¿Qué es un seguro de decesos y por qué lo necesitas?

La muerte de un ser querido son momentos difíciles. Y, aunque nada compensa la pérdida resulta de gran ayuda contar con un seguro de decesos que se ocupe de los gastos y trámites funerarios.

En ocasiones, algunas personas no tienen muy claro en qué consiste este tipo de seguro, o lo confunden con otros, como el seguro de vida. “Deceso” viene del latín “decessus”, y significa fallecimiento, defunción o expiración. Cuando hablamos de seguros de decesos hablamos de una garantía que se presta cuando el tomador de la póliza fallece. Desde ese instante, la aseguradora gestiona todo lo relativo al servicio funerario y el sepelio, esto es, gastos del tanatorio, esquelas, coronas, féretro, coche fúnebre, y entierro o incineración, entre otros.

El seguro de Decesos Completo incluye servicios de orientación legal y la gestión de los distintos trámites administrativos derivados de la defunción. Trámites como la expedición del certificado de defunción, gestión del acta de últimas voluntades, recopilación de documentos (certificados de nacimiento y matrimonio), y en general todas las labores que competen a la gestoría de decesos. De esta manera, evitaremos que la familia se vea obligada a resolverlo personalmente, o que requiera de una gestoría externa. Además, el seguro de Decesos Completo ofrece una cobertura de traslado nacional e internacional, o repatriación, en caso de requerir desplazar el cuerpo a otra región o país.

Adicionalmente, la póliza de decesos puede incluir un seguro de accidentes. Esta garantía permite prestar cobertura a los beneficiarios, indemnizándoles con hasta 6.000€, en caso de que el asegurado fallezca en un accidente.

Una vez contratada la póliza de decesos se mantendrá en vigor hasta la fecha de fallecimiento del asegurado, es decir, se renueva anualmente desde la fecha de contratación. Se recomienda efectuar la contratación antes de los 60 años, ya que algunas compañías aseguradoras pueden negarse a formalizarla después.

Cabe destacar algunos factores que condicionan el coste total del deceso. Por ejemplo, el precio de la funeraria o la localidad/provincia, siendo un proceso más costoso en regiones como La Rioja, Lérida o Zamora, y notablemente más económico en Soria, Ceuta o Cáceres. Estas variables conviene tenerlas en cuenta porque la cobertura prestada queda limitada al capital asegurado. Así, es recomendable conocer bien la póliza que se contrata para proporcionar la máxima tranquilidad a los beneficiarios.

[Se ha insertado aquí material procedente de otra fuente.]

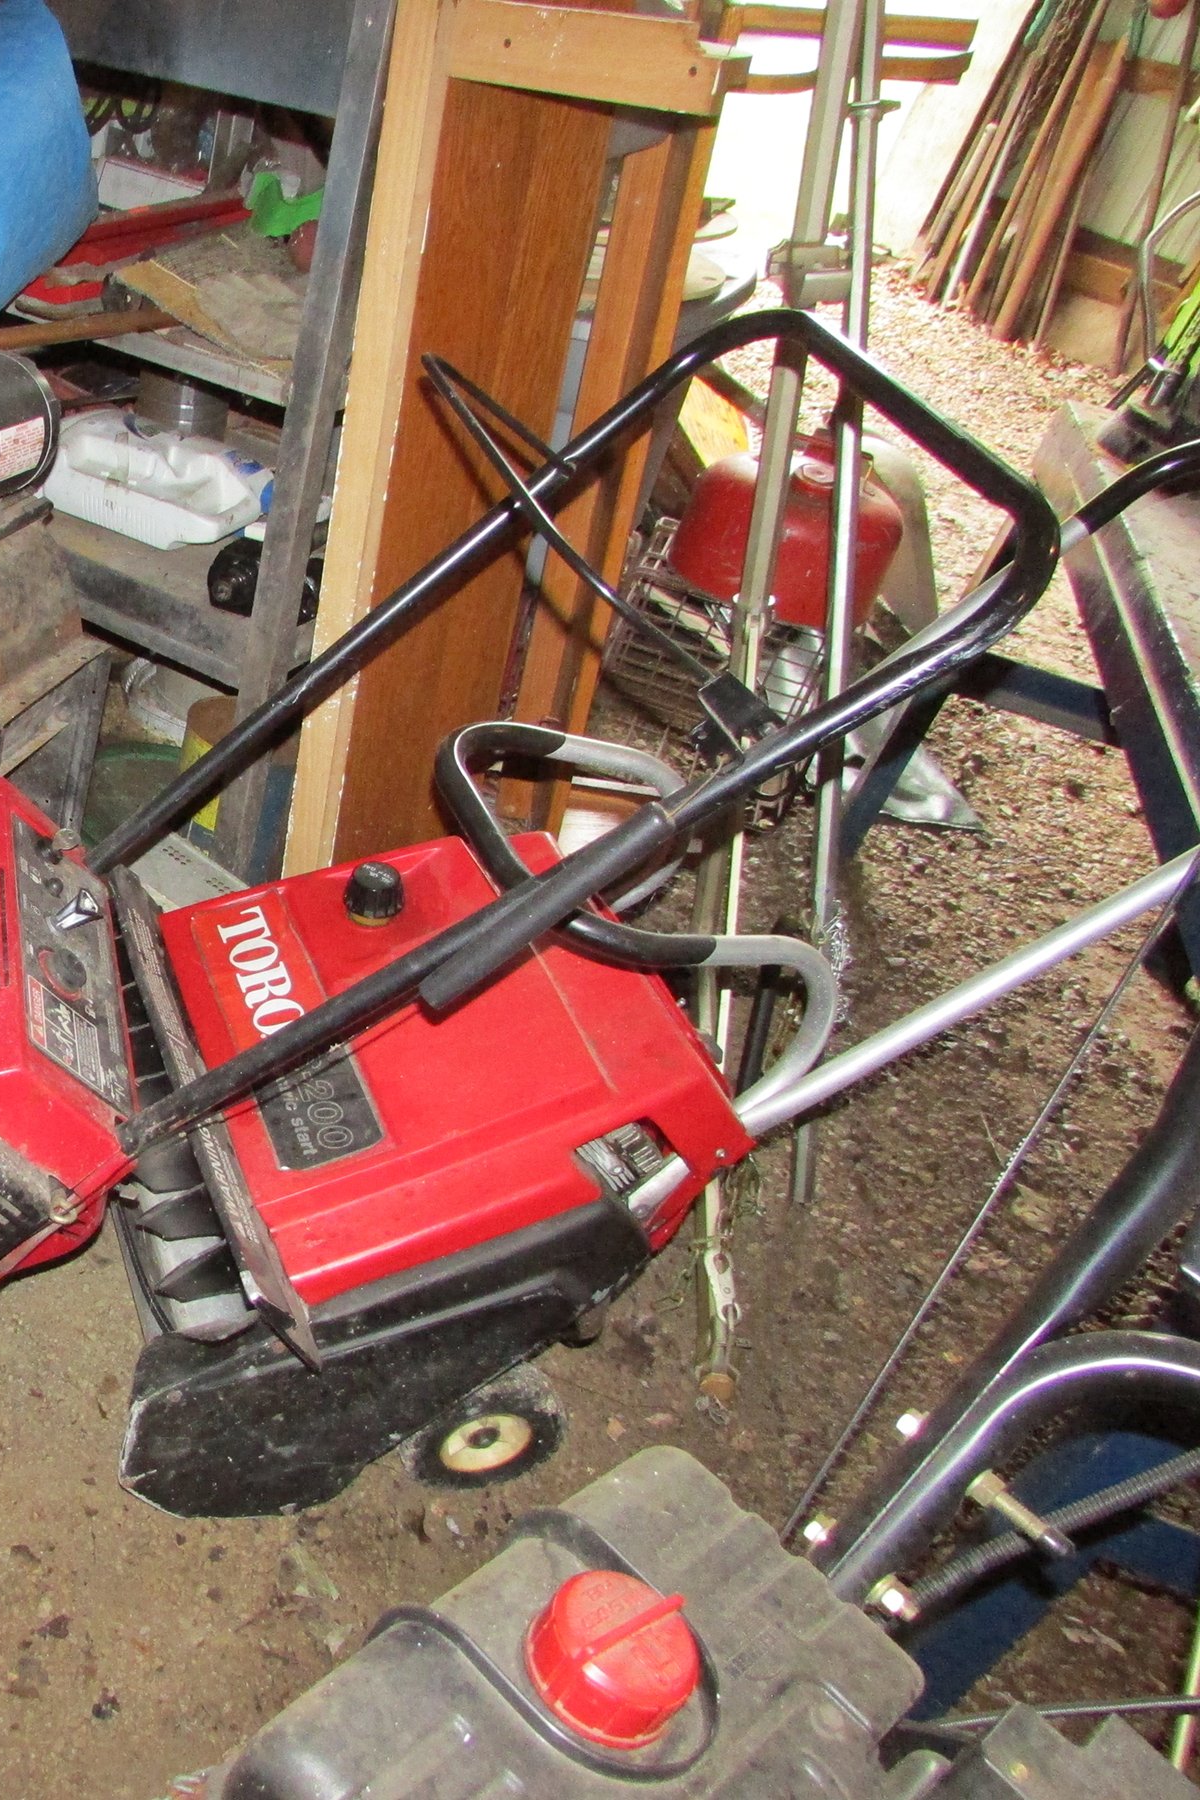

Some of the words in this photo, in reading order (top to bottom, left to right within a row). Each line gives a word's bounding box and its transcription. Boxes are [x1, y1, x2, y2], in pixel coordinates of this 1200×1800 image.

En este tipo de operaciones, algunos agentes de seguros exclusivos, como Mónica Correa, dedican especial atención y tiempo para que el asegurado comprenda bien todos los detalles de la póliza.

Es importante no confundir un seguro de decesos con un seguro de vida. El seguro de decesos se ocupa de atender todas las cuestiones inmediatas relacionadas con la defunción y los trámites administrativos y funerarios que se derivan de ella. El objetivo del seguro de decesos es aligerar la carga económica, de los trámites funerarios, para la familia y/o amigos. Pasado el funeral y todo lo que lleva implícito, finaliza la ejecución del seguro de decesos. En cambio, el seguro de vida proporciona a los seres queridos del asegurado la tranquilidad de estar protegidos económicamente tras su defunción. Este tipo de póliza otorga a los beneficiarios una cuantía económica única o en forma de rentas. La suma de esta cantidad se determina previamente a la firma del contrato, y se ejecuta tras producirse el fallecimiento.